I cannot confirm or deny either charge but the truth is I have never even met Jodie Haydon, his new-found wife — and no, before you ask, I was not invited to the wedding.
If life has taught me anything, it is that I was not put on this earth to write love stories.
What I do know, however, is that this was a transformative relationship for the nascent Labor leader.
In truth, Albo has never suffered from a dearth of confidence but if he ever came close to a nadir it was in those early months of 2019 when his wife had left him and his arch rival appeared set to become the next Prime Minister of Australia.
Bill Shorten’s shock loss and Albanese’s unopposed elevation shook him out of the darkness of his marriage break-up and put, for want of a better cliche, a bit of lead in his pencil.
But it was Jodie who seemed to make him shine.
They were cautious at first, as both he and Jodie have publicly said, and as older relationships always are.
It was also clear that they were both pretty quickly smitten.

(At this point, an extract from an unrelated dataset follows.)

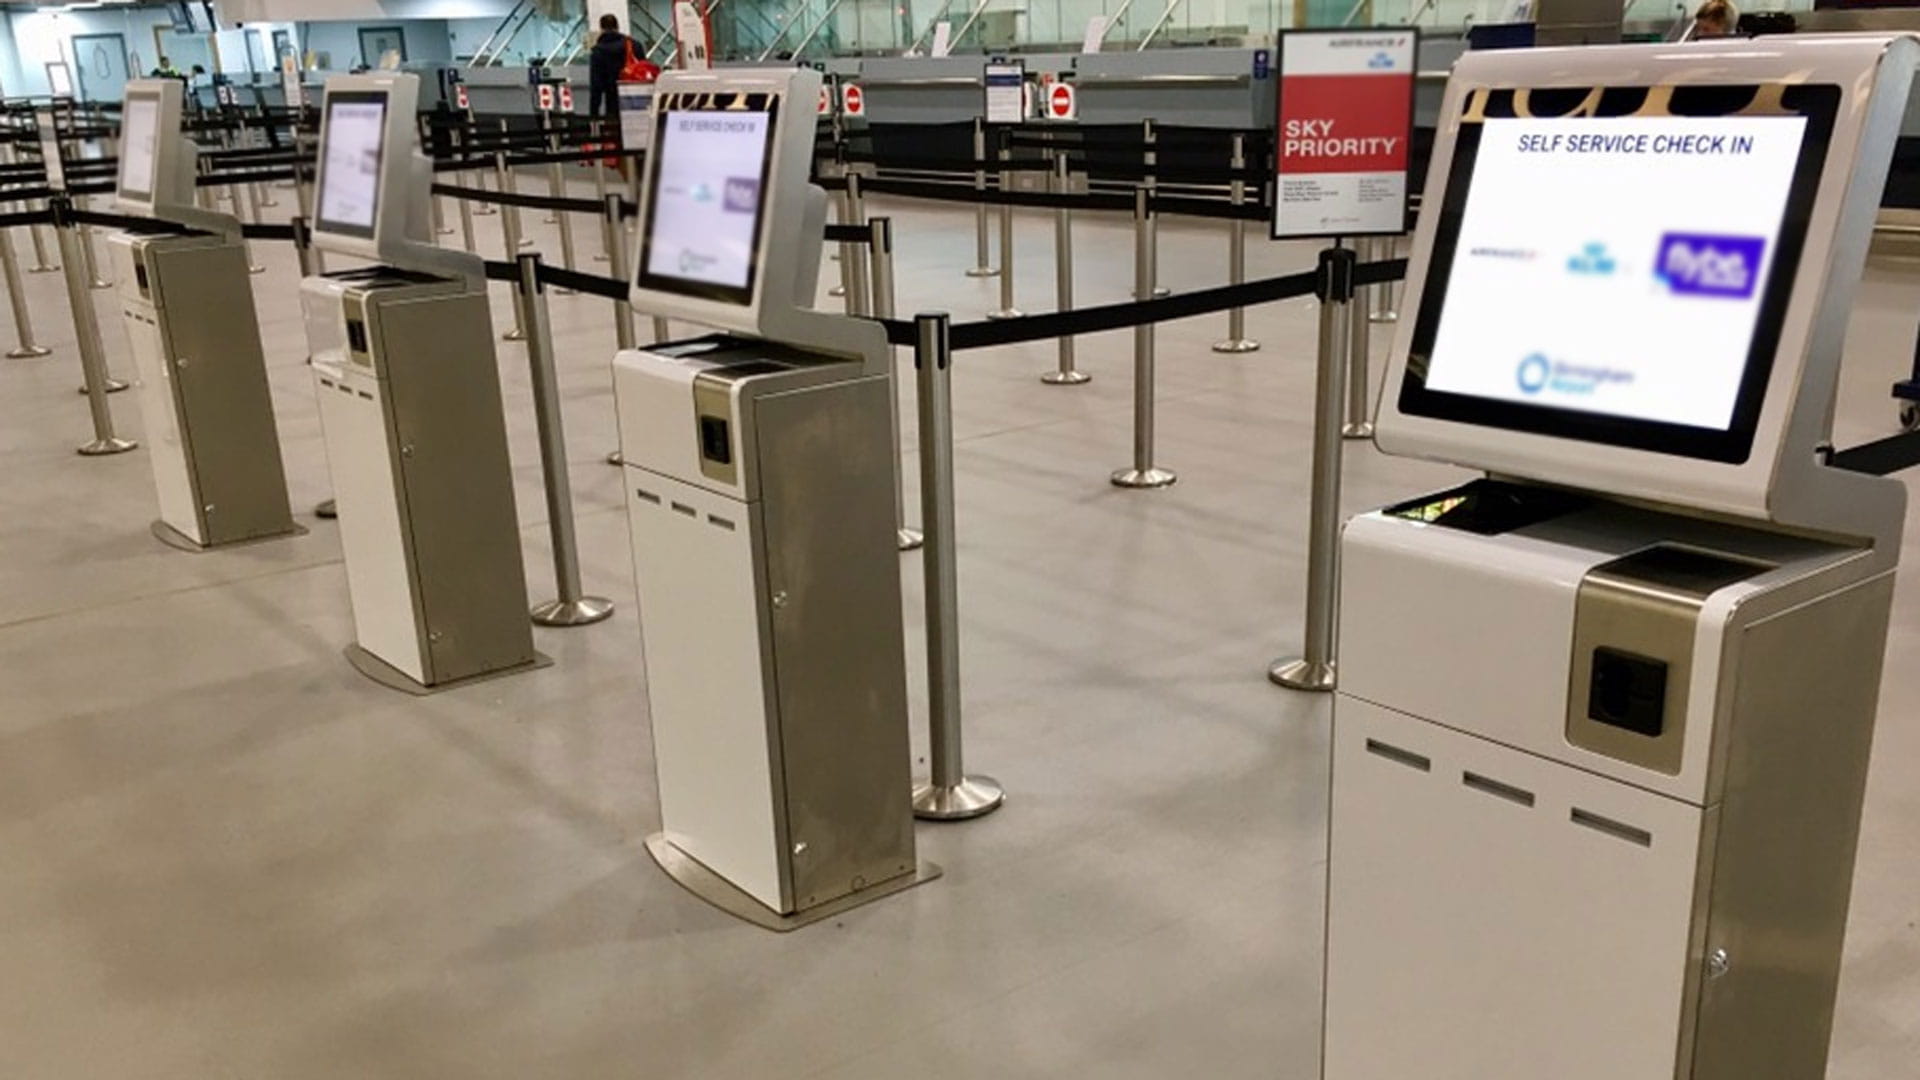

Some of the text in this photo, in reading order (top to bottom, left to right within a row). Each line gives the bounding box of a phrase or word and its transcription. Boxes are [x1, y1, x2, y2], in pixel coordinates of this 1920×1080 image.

[1285, 119, 1334, 138] SKY
[1284, 137, 1397, 157] PRIORITY
[1517, 134, 1755, 155] SELF SERVICE CHECK IN

The Covid lockdowns provided unprecedented cover for their relationship and then in June 2020 they were spotted dining together at the China Doll restaurant on Woolloomooloo’s Finger Wharf.
It is not a place to go if you want to remain unnoticed. They were clearly ready for the world to know.
Things got more serious six months later when Albanese was involved in a car crash just around the corner from his Marrickville home.
His Toyota Camry was accidentally T-boned by a Range Rover in an incident that could have taken a far more serious turn.
As he lay in his hospital bed, both he and Haydon caught a glimpse of an alternative future in which the unthinkable had happened. Something changed that day.
Albo’s devotion to Jodie was made manifest when he — or rather they — bought a $4.3 million clifftop “mansion” on — or rather above — Copacabana Beach, on the NSW Central Coast.
This purchase, far from Albo’s usual sphere of influence in Sydney’s Inner West, was made because of Jodie’s family ties in the area.
It caused a huge political storm in the midst of a cost-of-living crisis, although private Labor research suggested Sydney voters were impressed he got it for such a good price.
This alone perhaps tells you everything you need to know about Australian politics but the story of Albo and Jodie perhaps tells us something else.
Like the nauseatingly corny plot of a Hollywood movie — The American President, I’m looking at you — it reminds us that politicians, for all we like to hate them, are ultimately still people. They live and breathe and love.
And if there is one thing I know about Anthony Albanese it is that he is 100 per cent truly a man in love.